Records contained in a dataset:
__________

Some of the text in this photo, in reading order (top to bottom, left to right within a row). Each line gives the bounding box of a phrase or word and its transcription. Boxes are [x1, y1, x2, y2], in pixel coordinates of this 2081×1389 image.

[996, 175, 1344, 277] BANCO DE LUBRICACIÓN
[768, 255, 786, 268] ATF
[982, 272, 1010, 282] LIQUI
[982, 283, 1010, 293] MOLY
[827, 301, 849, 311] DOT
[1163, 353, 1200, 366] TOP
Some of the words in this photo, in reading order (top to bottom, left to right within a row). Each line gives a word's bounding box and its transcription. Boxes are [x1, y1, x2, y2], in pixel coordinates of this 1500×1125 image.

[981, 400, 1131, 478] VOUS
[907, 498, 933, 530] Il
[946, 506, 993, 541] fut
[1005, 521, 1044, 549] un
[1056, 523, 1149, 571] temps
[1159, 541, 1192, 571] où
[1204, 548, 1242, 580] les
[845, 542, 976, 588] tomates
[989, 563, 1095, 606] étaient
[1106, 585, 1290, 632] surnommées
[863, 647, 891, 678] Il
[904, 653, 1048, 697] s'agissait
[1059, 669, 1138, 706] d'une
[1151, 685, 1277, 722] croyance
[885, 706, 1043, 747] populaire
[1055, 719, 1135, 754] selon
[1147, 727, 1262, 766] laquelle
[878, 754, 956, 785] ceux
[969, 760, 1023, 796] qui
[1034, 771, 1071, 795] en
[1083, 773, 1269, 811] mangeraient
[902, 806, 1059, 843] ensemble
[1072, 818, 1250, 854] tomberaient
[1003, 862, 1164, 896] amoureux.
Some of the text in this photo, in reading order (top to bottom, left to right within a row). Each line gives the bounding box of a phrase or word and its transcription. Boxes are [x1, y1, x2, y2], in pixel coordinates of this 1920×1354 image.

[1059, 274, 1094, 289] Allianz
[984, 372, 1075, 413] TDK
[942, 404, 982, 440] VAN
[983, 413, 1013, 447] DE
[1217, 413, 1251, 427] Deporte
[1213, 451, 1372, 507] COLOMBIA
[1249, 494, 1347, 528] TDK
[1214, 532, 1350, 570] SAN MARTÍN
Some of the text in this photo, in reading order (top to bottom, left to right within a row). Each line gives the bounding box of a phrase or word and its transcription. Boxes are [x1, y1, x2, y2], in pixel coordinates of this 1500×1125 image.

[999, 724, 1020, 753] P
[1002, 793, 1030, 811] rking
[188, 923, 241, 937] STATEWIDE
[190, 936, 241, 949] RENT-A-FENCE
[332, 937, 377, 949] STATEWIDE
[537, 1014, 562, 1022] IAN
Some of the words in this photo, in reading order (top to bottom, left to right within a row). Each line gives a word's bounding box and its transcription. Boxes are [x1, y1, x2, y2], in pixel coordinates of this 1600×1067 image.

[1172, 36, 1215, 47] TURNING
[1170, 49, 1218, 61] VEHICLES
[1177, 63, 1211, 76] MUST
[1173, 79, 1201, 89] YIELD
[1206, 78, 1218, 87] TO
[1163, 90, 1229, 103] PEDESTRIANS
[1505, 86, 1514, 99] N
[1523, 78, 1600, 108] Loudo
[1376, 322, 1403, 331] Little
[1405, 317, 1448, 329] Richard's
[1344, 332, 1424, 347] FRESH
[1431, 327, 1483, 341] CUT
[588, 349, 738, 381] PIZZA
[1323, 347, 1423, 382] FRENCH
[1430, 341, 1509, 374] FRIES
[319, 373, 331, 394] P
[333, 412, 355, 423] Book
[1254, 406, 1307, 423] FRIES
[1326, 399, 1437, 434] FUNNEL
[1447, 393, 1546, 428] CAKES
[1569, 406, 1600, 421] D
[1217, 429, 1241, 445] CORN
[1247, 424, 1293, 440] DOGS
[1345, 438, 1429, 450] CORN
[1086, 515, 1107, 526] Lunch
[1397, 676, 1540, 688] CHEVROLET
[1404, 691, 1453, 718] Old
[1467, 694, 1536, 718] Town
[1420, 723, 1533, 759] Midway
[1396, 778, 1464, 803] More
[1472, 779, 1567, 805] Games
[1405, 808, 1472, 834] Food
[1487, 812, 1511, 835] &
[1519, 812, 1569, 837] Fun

__________

_About this task_
Keep every word intact and transcribe the records in full.

_Your response_
Some of the text in this photo, in reading order (top to bottom, left to right within a row). Each line gives the bounding box of a phrase or word and its transcription. Boxes are [x1, y1, x2, y2], in pixel coordinates of this 2081×1389 image.

[996, 175, 1344, 277] BANCO DE LUBRICACIÓN
[768, 255, 786, 268] ATF
[982, 272, 1010, 282] LIQUI
[982, 283, 1010, 293] MOLY
[827, 301, 849, 311] DOT
[1163, 353, 1200, 366] TOP
Some of the words in this photo, in reading order (top to bottom, left to right within a row). Each line gives a word's bounding box and its transcription. Boxes are [x1, y1, x2, y2], in pixel coordinates of this 1500×1125 image.

[981, 400, 1131, 478] VOUS
[907, 498, 933, 530] Il
[946, 506, 993, 541] fut
[1005, 521, 1044, 549] un
[1056, 523, 1149, 571] temps
[1159, 541, 1192, 571] où
[1204, 548, 1242, 580] les
[845, 542, 976, 588] tomates
[989, 563, 1095, 606] étaient
[1106, 585, 1290, 632] surnommées
[863, 647, 891, 678] Il
[904, 653, 1048, 697] s'agissait
[1059, 669, 1138, 706] d'une
[1151, 685, 1277, 722] croyance
[885, 706, 1043, 747] populaire
[1055, 719, 1135, 754] selon
[1147, 727, 1262, 766] laquelle
[878, 754, 956, 785] ceux
[969, 760, 1023, 796] qui
[1034, 771, 1071, 795] en
[1083, 773, 1269, 811] mangeraient
[902, 806, 1059, 843] ensemble
[1072, 818, 1250, 854] tomberaient
[1003, 862, 1164, 896] amoureux.
Some of the text in this photo, in reading order (top to bottom, left to right within a row). Each line gives the bounding box of a phrase or word and its transcription. Boxes are [x1, y1, x2, y2], in pixel coordinates of this 1920×1354 image.

[1059, 274, 1094, 289] Allianz
[984, 372, 1075, 413] TDK
[942, 404, 982, 440] VAN
[983, 413, 1013, 447] DE
[1217, 413, 1251, 427] Deporte
[1213, 451, 1372, 507] COLOMBIA
[1249, 494, 1347, 528] TDK
[1214, 532, 1350, 570] SAN MARTÍN
Some of the text in this photo, in reading order (top to bottom, left to right within a row). Each line gives the bounding box of a phrase or word and its transcription. Boxes are [x1, y1, x2, y2], in pixel coordinates of this 1500×1125 image.

[999, 724, 1020, 753] P
[1002, 793, 1030, 811] rking
[188, 923, 241, 937] STATEWIDE
[190, 936, 241, 949] RENT-A-FENCE
[332, 937, 377, 949] STATEWIDE
[537, 1014, 562, 1022] IAN
Some of the words in this photo, in reading order (top to bottom, left to right within a row). Each line gives a word's bounding box and its transcription. Boxes are [x1, y1, x2, y2], in pixel coordinates of this 1600×1067 image.

[1172, 36, 1215, 47] TURNING
[1170, 49, 1218, 61] VEHICLES
[1177, 63, 1211, 76] MUST
[1173, 79, 1201, 89] YIELD
[1206, 78, 1218, 87] TO
[1163, 90, 1229, 103] PEDESTRIANS
[1505, 86, 1514, 99] N
[1523, 78, 1600, 108] Loudo
[1376, 322, 1403, 331] Little
[1405, 317, 1448, 329] Richard's
[1344, 332, 1424, 347] FRESH
[1431, 327, 1483, 341] CUT
[588, 349, 738, 381] PIZZA
[1323, 347, 1423, 382] FRENCH
[1430, 341, 1509, 374] FRIES
[319, 373, 331, 394] P
[333, 412, 355, 423] Book
[1254, 406, 1307, 423] FRIES
[1326, 399, 1437, 434] FUNNEL
[1447, 393, 1546, 428] CAKES
[1569, 406, 1600, 421] D
[1217, 429, 1241, 445] CORN
[1247, 424, 1293, 440] DOGS
[1345, 438, 1429, 450] CORN
[1086, 515, 1107, 526] Lunch
[1397, 676, 1540, 688] CHEVROLET
[1404, 691, 1453, 718] Old
[1467, 694, 1536, 718] Town
[1420, 723, 1533, 759] Midway
[1396, 778, 1464, 803] More
[1472, 779, 1567, 805] Games
[1405, 808, 1472, 834] Food
[1487, 812, 1511, 835] &
[1519, 812, 1569, 837] Fun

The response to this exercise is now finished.